Theranos founder Elizabeth Holmes was charged with “massive fraud” by the Securities and Exchange Commission on Wednesday, a downbeat coda to a once high-flying Silicon Valley start-up that promised to revolutionize the blood analysis process.
The SEC complaint charged that Theranos raised more than $700 million from late 2013 to 2015 while “deceiving investors by making it appear as if Theranos had successfully developed a commercially-ready portable blood analyzer” that could perform a full range of laboratory tests from a small sample of blood.

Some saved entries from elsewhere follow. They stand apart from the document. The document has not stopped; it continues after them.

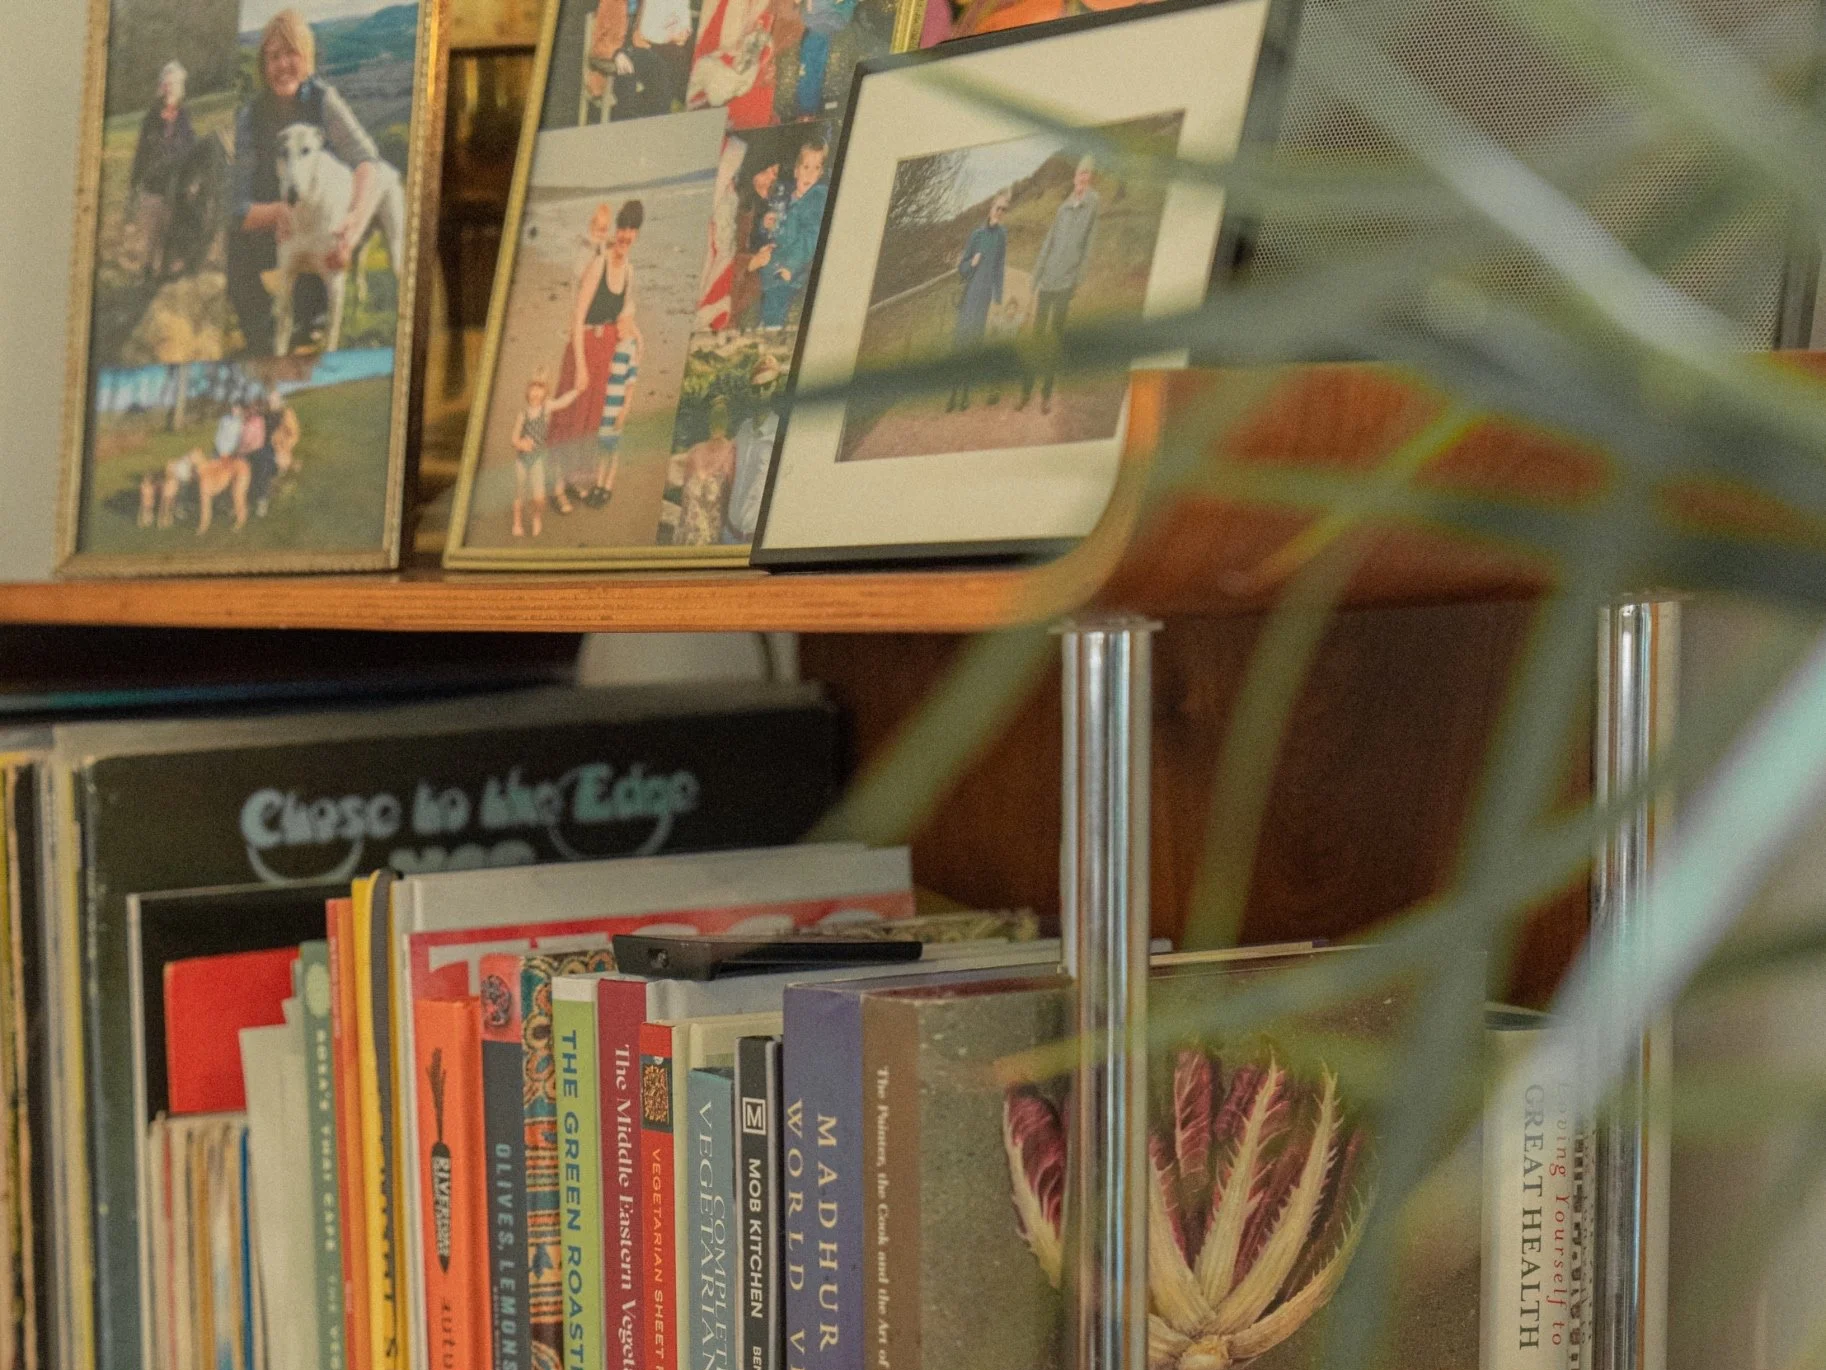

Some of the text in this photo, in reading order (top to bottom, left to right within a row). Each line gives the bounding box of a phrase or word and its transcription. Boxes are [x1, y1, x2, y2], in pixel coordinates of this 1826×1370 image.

[239, 763, 698, 847] Close to the Edge
[562, 1030, 578, 1097] THE
[614, 1044, 631, 1089] The
[877, 1067, 890, 1098] The
[616, 1098, 634, 1188] Middle
[876, 1105, 890, 1167] Painter,
[495, 1144, 513, 1250] OLIVES,
[563, 1112, 582, 1231] GREEN
[787, 1098, 805, 1292] WORLD
[877, 1173, 890, 1199] the
[618, 1195, 636, 1290] Eastern
[652, 1148, 664, 1282] VEGETARIAN
[749, 1158, 763, 1319] MOB KITCHEN
[816, 1113, 839, 1352] MADHUR
[877, 1204, 890, 1245] Cook
[1519, 1085, 1545, 1350] GREAT HEALTH
[878, 1252, 890, 1284] and
[1546, 1194, 1570, 1309] Yourself
[654, 1290, 665, 1357] SHEET
[878, 1288, 891, 1314] the
[878, 1318, 891, 1345] Art
[1552, 1323, 1566, 1345] to
[878, 1350, 891, 1367] of

“But in reality, we allege that after years of development, Theranos was able to process just a small number of blood tests upon its proprietary analyzer, and instead conducted the vast majority of its patients’ tests on modified commercial analyzers that were manufactured by others,” Steven Peikin, the SEC’s co-director of enforcement, told reporters.

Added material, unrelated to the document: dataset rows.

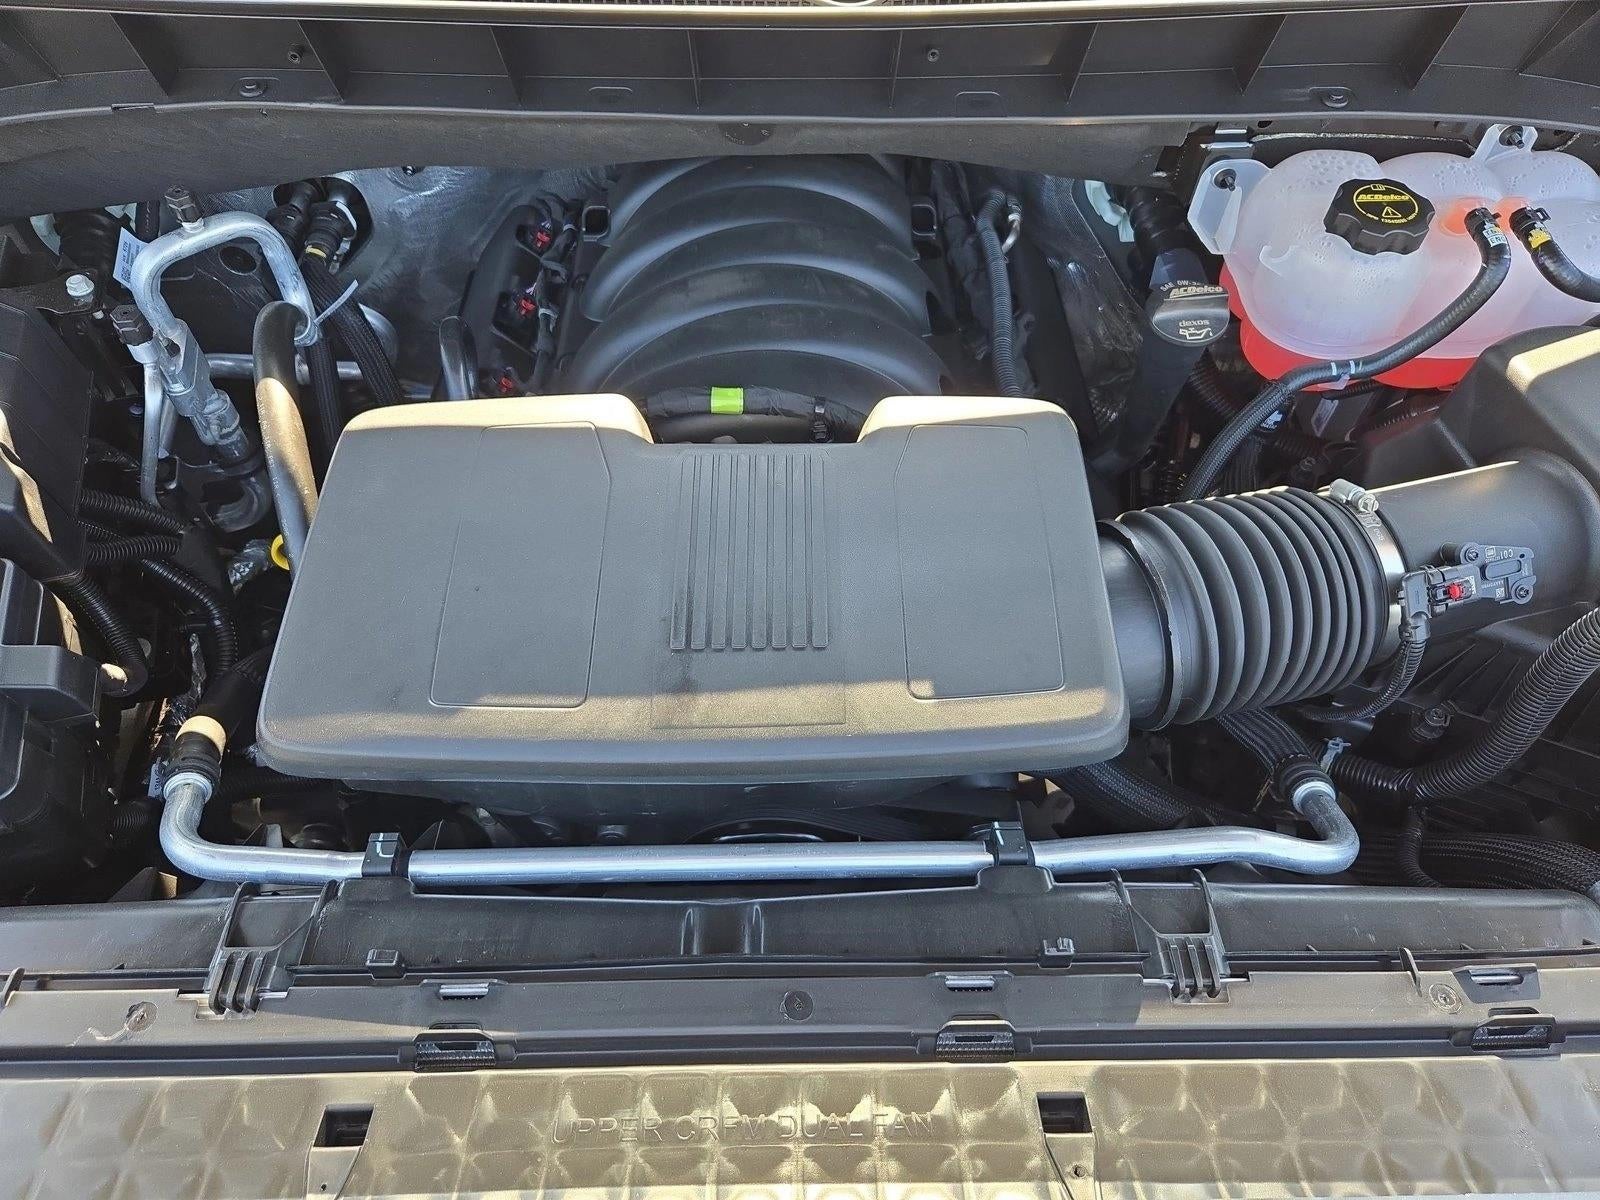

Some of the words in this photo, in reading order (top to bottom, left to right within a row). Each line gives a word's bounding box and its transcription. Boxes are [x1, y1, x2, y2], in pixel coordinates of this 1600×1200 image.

[1357, 193, 1410, 201] ACDelco
[1169, 285, 1223, 298] ACDelco
[1179, 319, 1210, 327] dexos
[551, 1115, 663, 1144] UPPER
[777, 1112, 864, 1138] DUAL
[872, 1111, 934, 1137] FAN
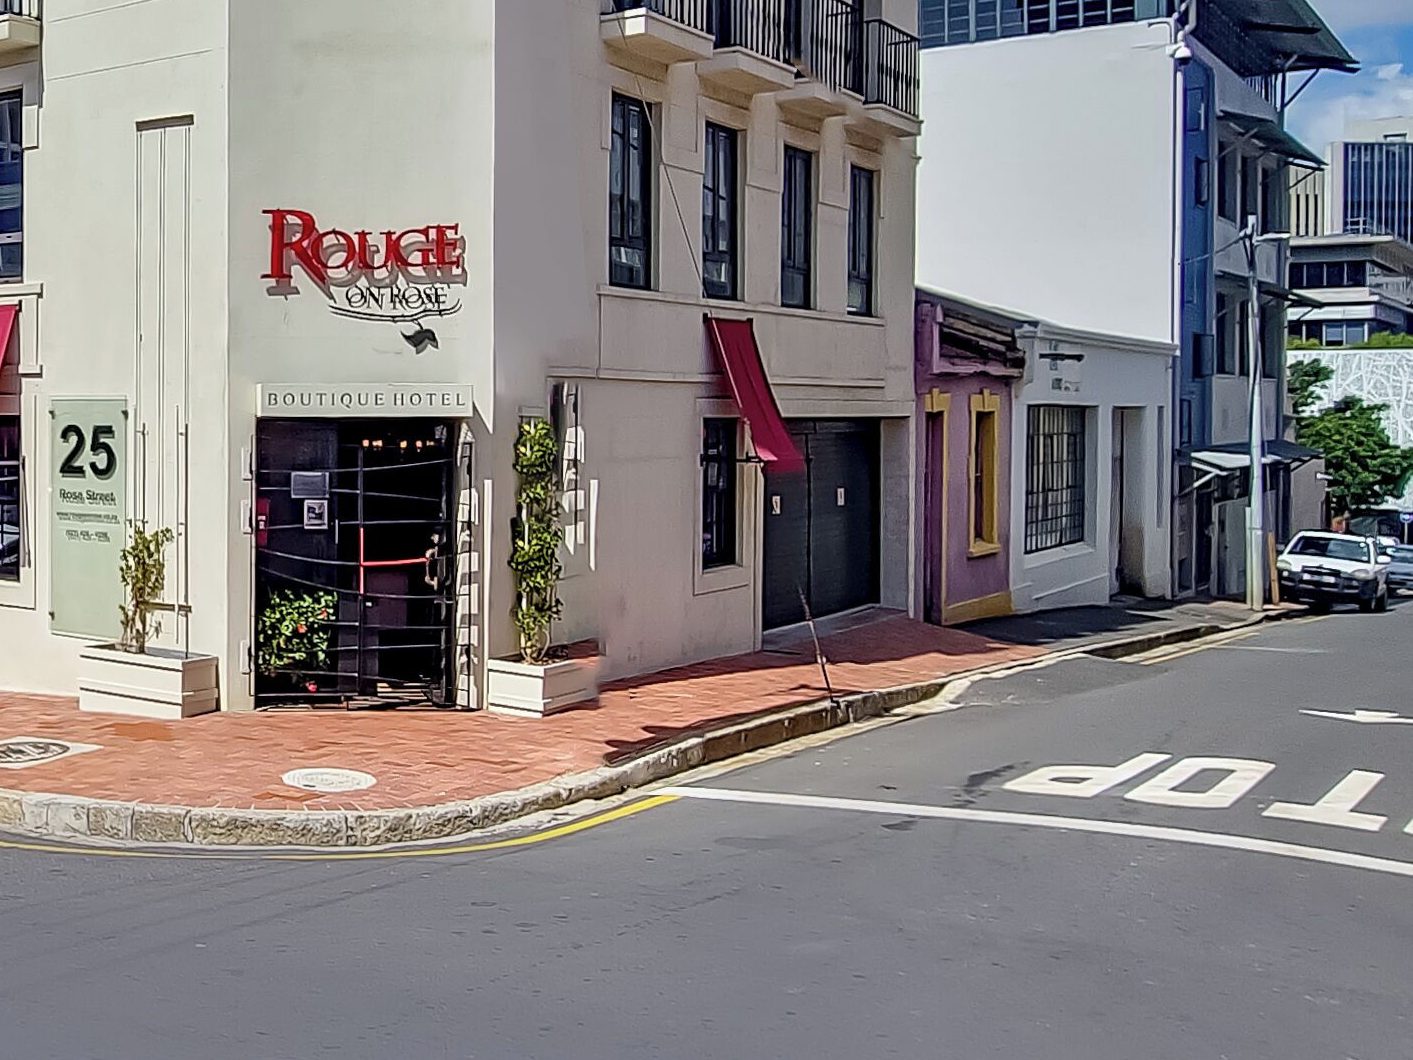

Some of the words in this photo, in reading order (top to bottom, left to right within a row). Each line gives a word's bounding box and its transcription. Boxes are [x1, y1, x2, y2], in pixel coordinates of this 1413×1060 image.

[345, 286, 382, 305] ON
[390, 286, 447, 306] ROSE
[267, 392, 386, 409] BOUTIQUE
[393, 392, 467, 407] HOTEL
[59, 424, 118, 478] 25
[59, 488, 84, 501] Rose
[1003, 752, 1413, 835] TOP

Holmes, 34, who once graced the cover of countless magazines and was worth billions on paper, has already settled the charges against her.
She will pay a $500,000 penalty, be barred from serving as an officer or director of a public company for 10 years, and return 18.9 million shares she amassed during the alleged fraud.
Holmes also cedes her voting control of the company she founded in 2003 at the age of 19 after dropping out of Stanford University in order to pursue her start-up.
Theranos and Holmes neither admitted nor denied the allegations in the SEC’s complaint, and the settlements are subject to court approval.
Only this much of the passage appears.